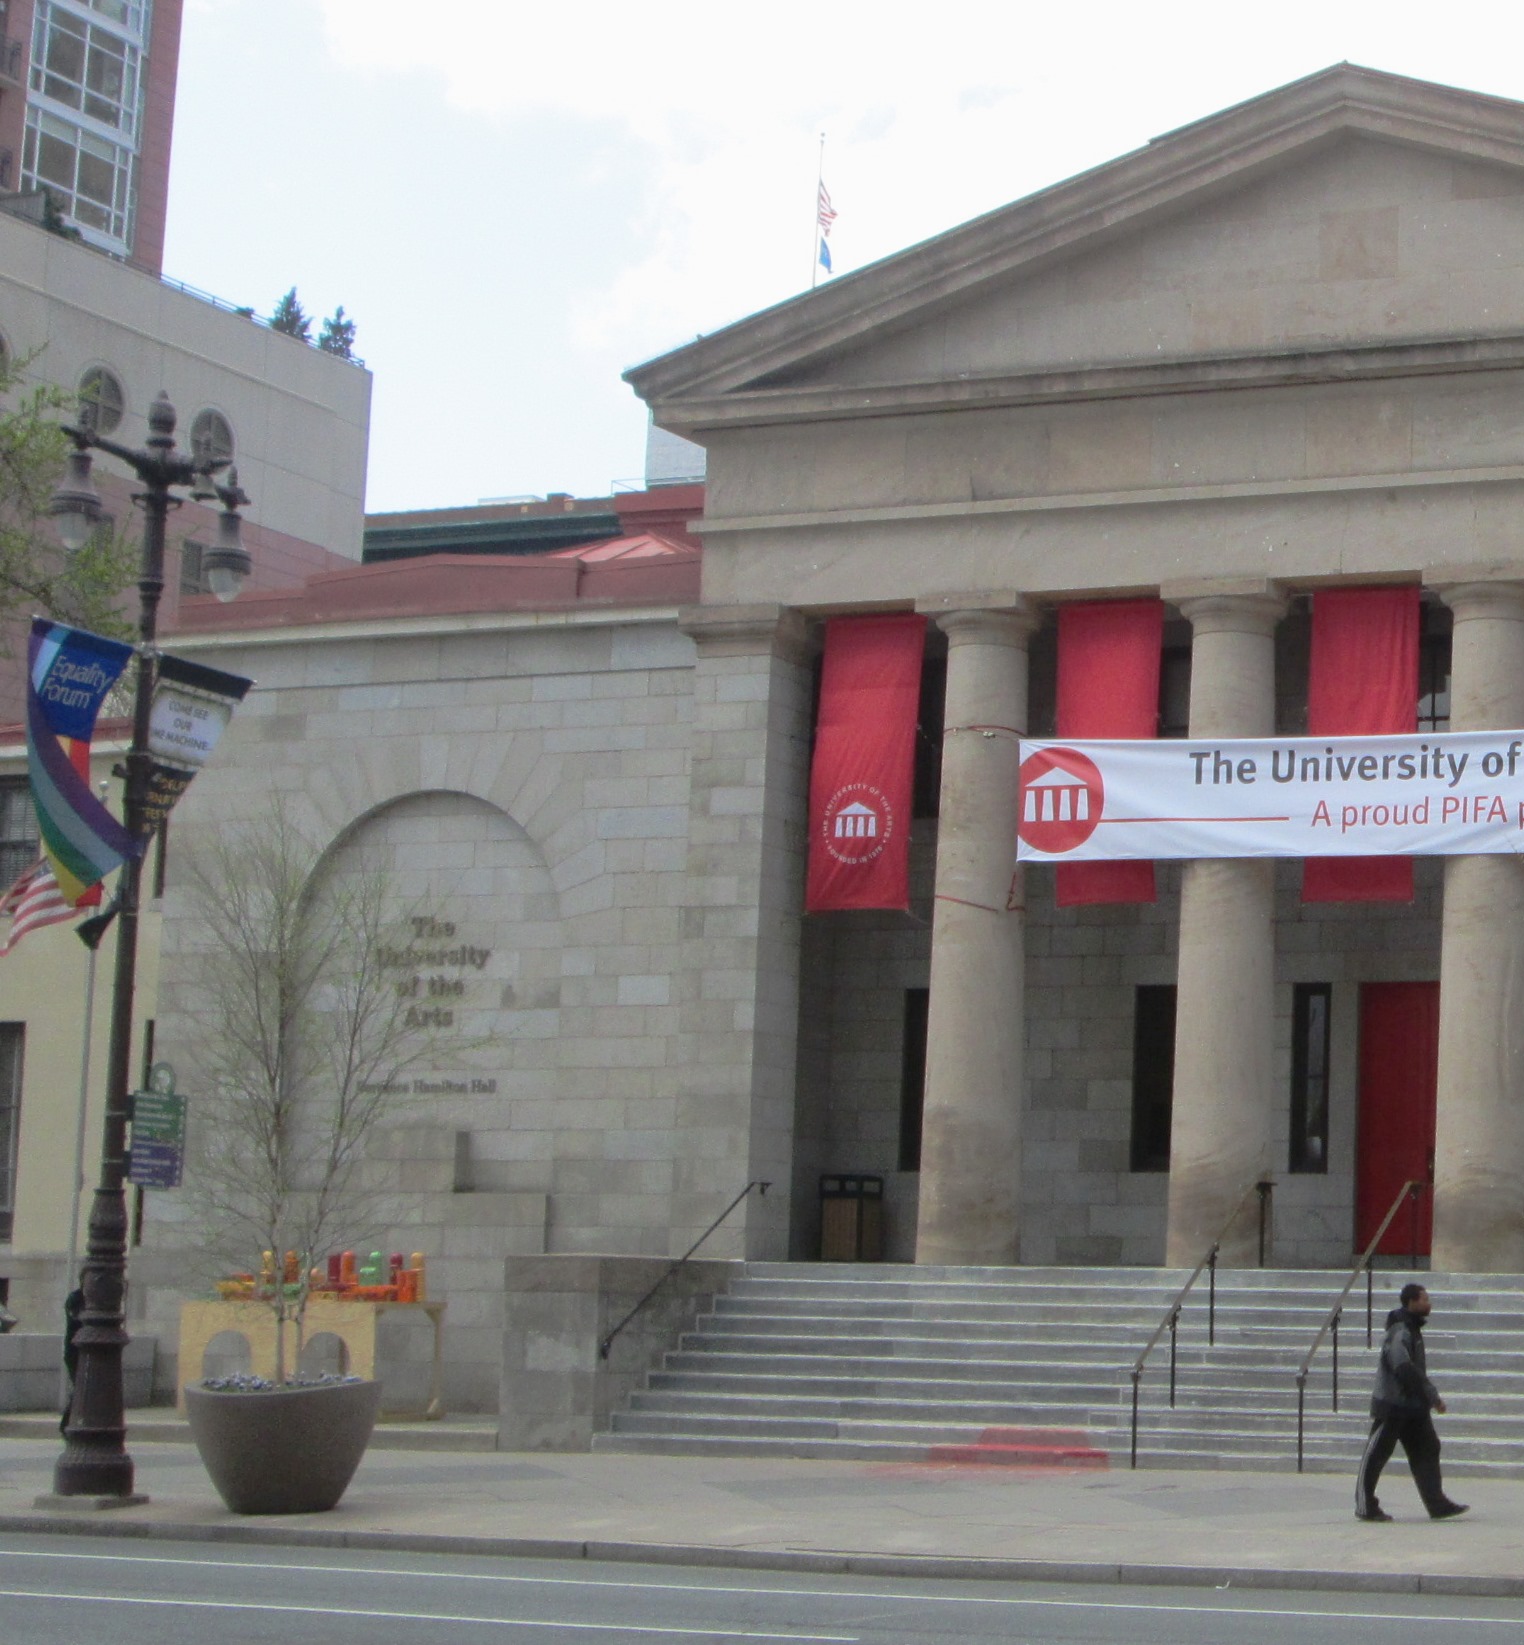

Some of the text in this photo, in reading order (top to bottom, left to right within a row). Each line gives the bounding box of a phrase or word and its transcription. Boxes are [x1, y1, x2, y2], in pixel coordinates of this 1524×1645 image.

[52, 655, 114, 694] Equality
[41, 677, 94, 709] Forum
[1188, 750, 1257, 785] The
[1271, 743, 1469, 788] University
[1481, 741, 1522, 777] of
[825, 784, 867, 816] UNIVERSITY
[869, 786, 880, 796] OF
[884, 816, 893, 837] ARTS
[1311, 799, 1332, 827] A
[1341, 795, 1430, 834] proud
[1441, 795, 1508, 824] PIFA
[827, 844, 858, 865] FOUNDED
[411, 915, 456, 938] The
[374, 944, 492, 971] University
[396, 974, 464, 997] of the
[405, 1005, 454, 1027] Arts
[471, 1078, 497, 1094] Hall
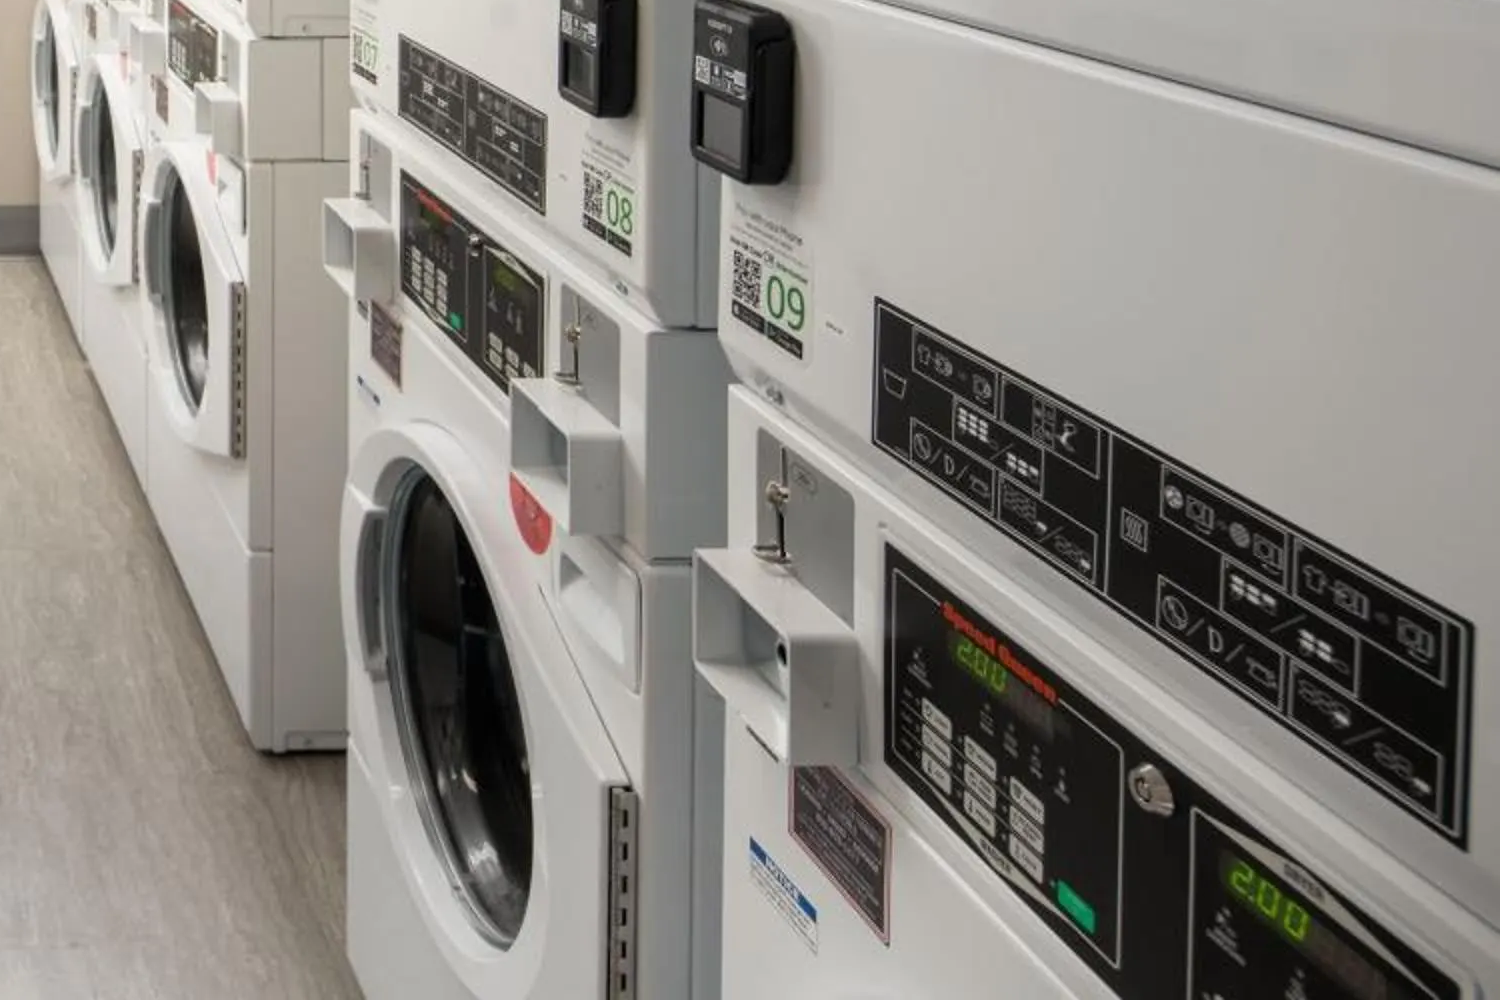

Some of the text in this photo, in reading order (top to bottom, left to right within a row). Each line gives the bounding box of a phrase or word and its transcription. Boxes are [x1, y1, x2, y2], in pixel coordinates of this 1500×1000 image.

### ACTIVITY
Print the records again exactly, pictures excluded.

### EXPECTED OUTPUT
Some of the text in this photo, in reading order (top to bottom, left to right within a row). Each line gives the bounding box of a phrase or word and its transcription. Boxes are [x1, y1, x2, y2], in pixel coordinates of this 1524×1645 image.

[52, 655, 114, 694] Equality
[41, 677, 94, 709] Forum
[1188, 750, 1257, 785] The
[1271, 743, 1469, 788] University
[1481, 741, 1522, 777] of
[825, 784, 867, 816] UNIVERSITY
[869, 786, 880, 796] OF
[884, 816, 893, 837] ARTS
[1311, 799, 1332, 827] A
[1341, 795, 1430, 834] proud
[1441, 795, 1508, 824] PIFA
[827, 844, 858, 865] FOUNDED
[411, 915, 456, 938] The
[374, 944, 492, 971] University
[396, 974, 464, 997] of the
[405, 1005, 454, 1027] Arts
[471, 1078, 497, 1094] Hall

Some of the text in this photo, in reading order (top to bottom, left to right within a row). Each line gives the bounding box of a phrase or word and its transcription. Boxes are [x1, y1, x2, y2], in pixel coordinates of this 1500×1000 image.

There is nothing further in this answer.